Top of ENTRIES SUPPLIED
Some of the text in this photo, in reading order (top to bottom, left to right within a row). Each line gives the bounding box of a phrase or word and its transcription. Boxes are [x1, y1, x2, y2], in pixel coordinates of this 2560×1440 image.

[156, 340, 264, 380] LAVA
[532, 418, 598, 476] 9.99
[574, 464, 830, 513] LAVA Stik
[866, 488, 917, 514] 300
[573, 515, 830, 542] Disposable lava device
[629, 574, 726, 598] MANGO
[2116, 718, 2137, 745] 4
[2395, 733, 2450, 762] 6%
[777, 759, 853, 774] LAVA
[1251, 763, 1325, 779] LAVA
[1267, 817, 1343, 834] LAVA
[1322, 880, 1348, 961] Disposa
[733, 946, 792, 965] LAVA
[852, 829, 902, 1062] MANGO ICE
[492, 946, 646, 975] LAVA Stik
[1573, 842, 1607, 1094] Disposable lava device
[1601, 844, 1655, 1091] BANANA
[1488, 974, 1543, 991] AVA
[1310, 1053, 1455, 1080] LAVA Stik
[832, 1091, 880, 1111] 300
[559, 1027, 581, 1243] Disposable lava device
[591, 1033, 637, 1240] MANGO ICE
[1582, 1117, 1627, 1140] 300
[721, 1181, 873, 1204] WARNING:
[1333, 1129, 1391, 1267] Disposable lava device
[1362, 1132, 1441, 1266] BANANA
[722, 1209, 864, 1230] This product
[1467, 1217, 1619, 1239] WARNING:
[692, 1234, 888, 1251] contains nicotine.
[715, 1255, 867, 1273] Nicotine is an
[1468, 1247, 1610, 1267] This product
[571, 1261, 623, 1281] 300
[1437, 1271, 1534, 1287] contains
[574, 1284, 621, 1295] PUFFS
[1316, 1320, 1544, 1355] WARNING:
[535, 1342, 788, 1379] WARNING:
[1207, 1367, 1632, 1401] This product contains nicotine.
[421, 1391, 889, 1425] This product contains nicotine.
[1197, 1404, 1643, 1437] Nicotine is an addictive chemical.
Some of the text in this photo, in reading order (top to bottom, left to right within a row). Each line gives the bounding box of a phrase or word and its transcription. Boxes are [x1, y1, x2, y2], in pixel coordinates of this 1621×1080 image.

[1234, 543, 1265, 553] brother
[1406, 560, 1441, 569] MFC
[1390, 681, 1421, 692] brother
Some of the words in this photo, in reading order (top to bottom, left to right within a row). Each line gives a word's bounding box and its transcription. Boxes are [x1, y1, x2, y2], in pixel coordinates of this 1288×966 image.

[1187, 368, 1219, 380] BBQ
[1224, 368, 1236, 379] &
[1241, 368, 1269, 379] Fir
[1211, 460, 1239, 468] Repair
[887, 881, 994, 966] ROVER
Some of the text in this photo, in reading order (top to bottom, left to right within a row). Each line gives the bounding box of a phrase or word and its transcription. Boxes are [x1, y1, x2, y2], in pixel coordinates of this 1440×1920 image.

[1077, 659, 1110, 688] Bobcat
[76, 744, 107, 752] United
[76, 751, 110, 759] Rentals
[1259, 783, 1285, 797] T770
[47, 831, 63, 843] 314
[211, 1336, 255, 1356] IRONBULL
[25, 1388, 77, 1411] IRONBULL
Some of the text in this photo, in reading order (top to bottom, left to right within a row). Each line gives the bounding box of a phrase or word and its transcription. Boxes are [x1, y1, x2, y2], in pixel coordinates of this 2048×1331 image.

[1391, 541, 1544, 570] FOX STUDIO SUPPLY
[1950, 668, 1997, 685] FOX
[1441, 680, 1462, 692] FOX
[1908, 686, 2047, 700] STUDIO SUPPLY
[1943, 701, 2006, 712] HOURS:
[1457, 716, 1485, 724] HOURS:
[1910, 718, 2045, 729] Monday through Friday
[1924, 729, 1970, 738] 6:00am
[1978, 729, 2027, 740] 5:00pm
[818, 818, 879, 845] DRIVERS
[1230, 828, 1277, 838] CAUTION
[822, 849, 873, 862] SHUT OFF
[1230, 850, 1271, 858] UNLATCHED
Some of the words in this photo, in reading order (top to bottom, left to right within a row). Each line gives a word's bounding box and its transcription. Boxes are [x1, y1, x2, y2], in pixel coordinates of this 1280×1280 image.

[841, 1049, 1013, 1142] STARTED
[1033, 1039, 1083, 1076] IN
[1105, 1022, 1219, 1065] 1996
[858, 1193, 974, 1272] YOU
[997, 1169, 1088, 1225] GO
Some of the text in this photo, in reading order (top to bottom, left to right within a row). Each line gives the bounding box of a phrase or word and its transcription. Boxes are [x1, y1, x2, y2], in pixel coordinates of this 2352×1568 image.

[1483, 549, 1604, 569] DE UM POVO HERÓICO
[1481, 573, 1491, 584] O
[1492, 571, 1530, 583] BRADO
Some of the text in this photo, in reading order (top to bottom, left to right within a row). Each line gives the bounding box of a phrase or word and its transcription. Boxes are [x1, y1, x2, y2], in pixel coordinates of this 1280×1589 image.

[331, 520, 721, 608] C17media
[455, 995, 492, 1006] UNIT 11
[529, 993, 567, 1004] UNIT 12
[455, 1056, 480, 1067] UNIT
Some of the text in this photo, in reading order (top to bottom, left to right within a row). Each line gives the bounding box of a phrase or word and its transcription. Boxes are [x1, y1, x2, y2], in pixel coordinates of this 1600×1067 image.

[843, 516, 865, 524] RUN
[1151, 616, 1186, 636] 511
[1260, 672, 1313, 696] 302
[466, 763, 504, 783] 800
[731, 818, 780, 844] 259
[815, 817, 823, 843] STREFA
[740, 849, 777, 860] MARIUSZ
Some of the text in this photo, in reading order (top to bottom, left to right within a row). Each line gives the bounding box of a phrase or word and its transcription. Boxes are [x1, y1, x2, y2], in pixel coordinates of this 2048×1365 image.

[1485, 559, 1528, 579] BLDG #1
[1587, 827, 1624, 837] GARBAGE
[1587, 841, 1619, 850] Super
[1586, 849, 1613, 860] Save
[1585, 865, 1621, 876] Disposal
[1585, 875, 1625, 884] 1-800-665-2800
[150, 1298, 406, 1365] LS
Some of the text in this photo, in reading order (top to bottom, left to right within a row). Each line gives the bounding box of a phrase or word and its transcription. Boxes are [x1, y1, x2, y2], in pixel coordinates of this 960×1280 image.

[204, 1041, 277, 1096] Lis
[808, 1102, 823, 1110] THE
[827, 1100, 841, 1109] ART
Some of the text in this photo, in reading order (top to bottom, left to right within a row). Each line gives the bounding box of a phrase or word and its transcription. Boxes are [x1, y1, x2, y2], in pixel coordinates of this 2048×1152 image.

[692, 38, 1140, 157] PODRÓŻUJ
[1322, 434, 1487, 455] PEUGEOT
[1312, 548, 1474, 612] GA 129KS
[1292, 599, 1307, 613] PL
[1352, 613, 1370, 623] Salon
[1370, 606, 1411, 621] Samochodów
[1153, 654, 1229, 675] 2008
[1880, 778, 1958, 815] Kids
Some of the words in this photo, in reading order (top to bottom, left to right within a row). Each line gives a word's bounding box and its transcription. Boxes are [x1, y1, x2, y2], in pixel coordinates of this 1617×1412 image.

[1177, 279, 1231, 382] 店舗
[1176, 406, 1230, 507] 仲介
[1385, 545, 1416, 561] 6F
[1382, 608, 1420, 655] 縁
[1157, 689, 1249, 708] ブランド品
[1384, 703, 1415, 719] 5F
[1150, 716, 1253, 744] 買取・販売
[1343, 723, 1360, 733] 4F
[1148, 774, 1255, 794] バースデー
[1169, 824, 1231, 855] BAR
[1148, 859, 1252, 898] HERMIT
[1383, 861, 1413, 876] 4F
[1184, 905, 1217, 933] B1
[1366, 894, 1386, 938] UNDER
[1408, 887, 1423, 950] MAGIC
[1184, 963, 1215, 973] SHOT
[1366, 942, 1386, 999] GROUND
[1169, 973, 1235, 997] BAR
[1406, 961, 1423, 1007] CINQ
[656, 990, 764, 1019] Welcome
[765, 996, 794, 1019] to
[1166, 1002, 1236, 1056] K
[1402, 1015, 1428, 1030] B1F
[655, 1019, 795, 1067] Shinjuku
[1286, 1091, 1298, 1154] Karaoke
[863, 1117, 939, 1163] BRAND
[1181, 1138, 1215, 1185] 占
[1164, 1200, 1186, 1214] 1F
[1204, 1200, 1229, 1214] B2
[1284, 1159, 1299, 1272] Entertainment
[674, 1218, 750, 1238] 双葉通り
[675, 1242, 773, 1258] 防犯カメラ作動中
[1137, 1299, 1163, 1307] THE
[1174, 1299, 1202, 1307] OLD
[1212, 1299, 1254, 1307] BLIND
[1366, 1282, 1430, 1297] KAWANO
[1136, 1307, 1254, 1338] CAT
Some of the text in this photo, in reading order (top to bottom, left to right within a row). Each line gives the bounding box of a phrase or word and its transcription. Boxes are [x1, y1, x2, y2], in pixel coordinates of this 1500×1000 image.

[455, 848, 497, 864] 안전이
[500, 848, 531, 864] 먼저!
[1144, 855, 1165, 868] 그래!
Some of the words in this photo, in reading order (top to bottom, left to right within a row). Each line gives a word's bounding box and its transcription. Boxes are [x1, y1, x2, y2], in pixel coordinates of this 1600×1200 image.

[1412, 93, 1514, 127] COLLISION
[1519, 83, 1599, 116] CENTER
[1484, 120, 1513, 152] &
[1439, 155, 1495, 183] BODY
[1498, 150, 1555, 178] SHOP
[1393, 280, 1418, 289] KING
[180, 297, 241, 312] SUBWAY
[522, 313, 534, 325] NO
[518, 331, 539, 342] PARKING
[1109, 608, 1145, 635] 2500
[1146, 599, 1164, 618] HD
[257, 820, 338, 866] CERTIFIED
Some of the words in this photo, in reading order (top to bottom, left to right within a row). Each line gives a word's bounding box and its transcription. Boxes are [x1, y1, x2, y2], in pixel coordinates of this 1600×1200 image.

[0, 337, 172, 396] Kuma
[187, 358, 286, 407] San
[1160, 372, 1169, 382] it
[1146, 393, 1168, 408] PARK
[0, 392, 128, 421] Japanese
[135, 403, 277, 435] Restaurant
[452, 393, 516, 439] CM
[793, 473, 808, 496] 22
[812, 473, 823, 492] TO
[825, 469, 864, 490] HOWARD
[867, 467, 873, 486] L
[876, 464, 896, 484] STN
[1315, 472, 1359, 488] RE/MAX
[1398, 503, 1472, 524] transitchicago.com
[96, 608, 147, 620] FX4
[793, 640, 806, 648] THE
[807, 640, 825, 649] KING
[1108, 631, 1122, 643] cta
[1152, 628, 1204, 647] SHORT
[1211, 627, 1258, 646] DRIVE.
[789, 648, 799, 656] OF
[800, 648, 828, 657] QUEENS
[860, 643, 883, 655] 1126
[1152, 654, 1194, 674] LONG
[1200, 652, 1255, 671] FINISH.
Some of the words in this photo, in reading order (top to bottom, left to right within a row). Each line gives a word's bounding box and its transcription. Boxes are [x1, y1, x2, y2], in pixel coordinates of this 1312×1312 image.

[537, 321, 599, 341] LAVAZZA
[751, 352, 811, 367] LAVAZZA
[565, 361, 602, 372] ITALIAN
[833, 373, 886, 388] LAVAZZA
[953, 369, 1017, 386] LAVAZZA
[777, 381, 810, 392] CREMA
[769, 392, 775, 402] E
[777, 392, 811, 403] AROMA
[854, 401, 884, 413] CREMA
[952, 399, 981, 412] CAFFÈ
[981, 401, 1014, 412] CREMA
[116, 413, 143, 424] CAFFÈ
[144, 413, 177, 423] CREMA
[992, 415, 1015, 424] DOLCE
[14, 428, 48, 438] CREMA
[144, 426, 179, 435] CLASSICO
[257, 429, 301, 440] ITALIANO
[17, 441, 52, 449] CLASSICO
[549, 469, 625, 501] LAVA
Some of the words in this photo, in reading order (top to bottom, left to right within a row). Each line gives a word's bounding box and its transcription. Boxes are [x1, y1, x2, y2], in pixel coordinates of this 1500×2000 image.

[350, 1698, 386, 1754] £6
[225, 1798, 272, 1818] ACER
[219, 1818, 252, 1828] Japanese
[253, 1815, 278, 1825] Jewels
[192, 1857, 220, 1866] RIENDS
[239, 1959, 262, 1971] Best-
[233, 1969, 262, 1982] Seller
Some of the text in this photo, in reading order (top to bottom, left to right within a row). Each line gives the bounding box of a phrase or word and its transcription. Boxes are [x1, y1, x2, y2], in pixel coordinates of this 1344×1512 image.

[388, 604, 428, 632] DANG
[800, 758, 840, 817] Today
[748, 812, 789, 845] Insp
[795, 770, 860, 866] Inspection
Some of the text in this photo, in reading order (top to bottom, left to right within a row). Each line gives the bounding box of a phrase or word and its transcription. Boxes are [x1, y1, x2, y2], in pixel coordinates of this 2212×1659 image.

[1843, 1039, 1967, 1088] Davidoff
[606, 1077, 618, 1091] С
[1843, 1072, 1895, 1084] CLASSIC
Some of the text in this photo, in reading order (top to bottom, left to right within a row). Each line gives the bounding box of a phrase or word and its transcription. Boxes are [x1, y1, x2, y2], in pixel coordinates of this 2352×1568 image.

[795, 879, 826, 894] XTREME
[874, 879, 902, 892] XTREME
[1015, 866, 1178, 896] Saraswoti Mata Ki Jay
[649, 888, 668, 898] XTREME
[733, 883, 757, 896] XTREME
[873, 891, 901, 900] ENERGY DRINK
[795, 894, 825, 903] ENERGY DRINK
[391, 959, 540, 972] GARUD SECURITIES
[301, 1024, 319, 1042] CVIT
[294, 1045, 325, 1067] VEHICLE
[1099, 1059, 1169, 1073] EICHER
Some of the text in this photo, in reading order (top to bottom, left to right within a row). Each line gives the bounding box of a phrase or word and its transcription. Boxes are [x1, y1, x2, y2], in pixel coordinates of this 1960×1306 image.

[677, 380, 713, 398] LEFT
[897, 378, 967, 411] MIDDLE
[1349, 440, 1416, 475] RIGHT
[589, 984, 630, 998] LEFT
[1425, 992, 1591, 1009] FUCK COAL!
Bottom of ENTRIES SUPPLIED
INSTRUCTIONS TO FOLLOW:
Print the line that contains "this 2212×1659 image." and each line after it up to the end of the listing, exactly as written.

WRITTEN SOLUTION:
Some of the text in this photo, in reading order (top to bottom, left to right within a row). Each line gives the bounding box of a phrase or word and its transcription. Boxes are [x1, y1, x2, y2], in pixel coordinates of this 2212×1659 image.

[1843, 1039, 1967, 1088] Davidoff
[606, 1077, 618, 1091] С
[1843, 1072, 1895, 1084] CLASSIC
Some of the text in this photo, in reading order (top to bottom, left to right within a row). Each line gives the bounding box of a phrase or word and its transcription. Boxes are [x1, y1, x2, y2], in pixel coordinates of this 2352×1568 image.

[795, 879, 826, 894] XTREME
[874, 879, 902, 892] XTREME
[1015, 866, 1178, 896] Saraswoti Mata Ki Jay
[649, 888, 668, 898] XTREME
[733, 883, 757, 896] XTREME
[873, 891, 901, 900] ENERGY DRINK
[795, 894, 825, 903] ENERGY DRINK
[391, 959, 540, 972] GARUD SECURITIES
[301, 1024, 319, 1042] CVIT
[294, 1045, 325, 1067] VEHICLE
[1099, 1059, 1169, 1073] EICHER
Some of the text in this photo, in reading order (top to bottom, left to right within a row). Each line gives the bounding box of a phrase or word and its transcription. Boxes are [x1, y1, x2, y2], in pixel coordinates of this 1960×1306 image.

[677, 380, 713, 398] LEFT
[897, 378, 967, 411] MIDDLE
[1349, 440, 1416, 475] RIGHT
[589, 984, 630, 998] LEFT
[1425, 992, 1591, 1009] FUCK COAL!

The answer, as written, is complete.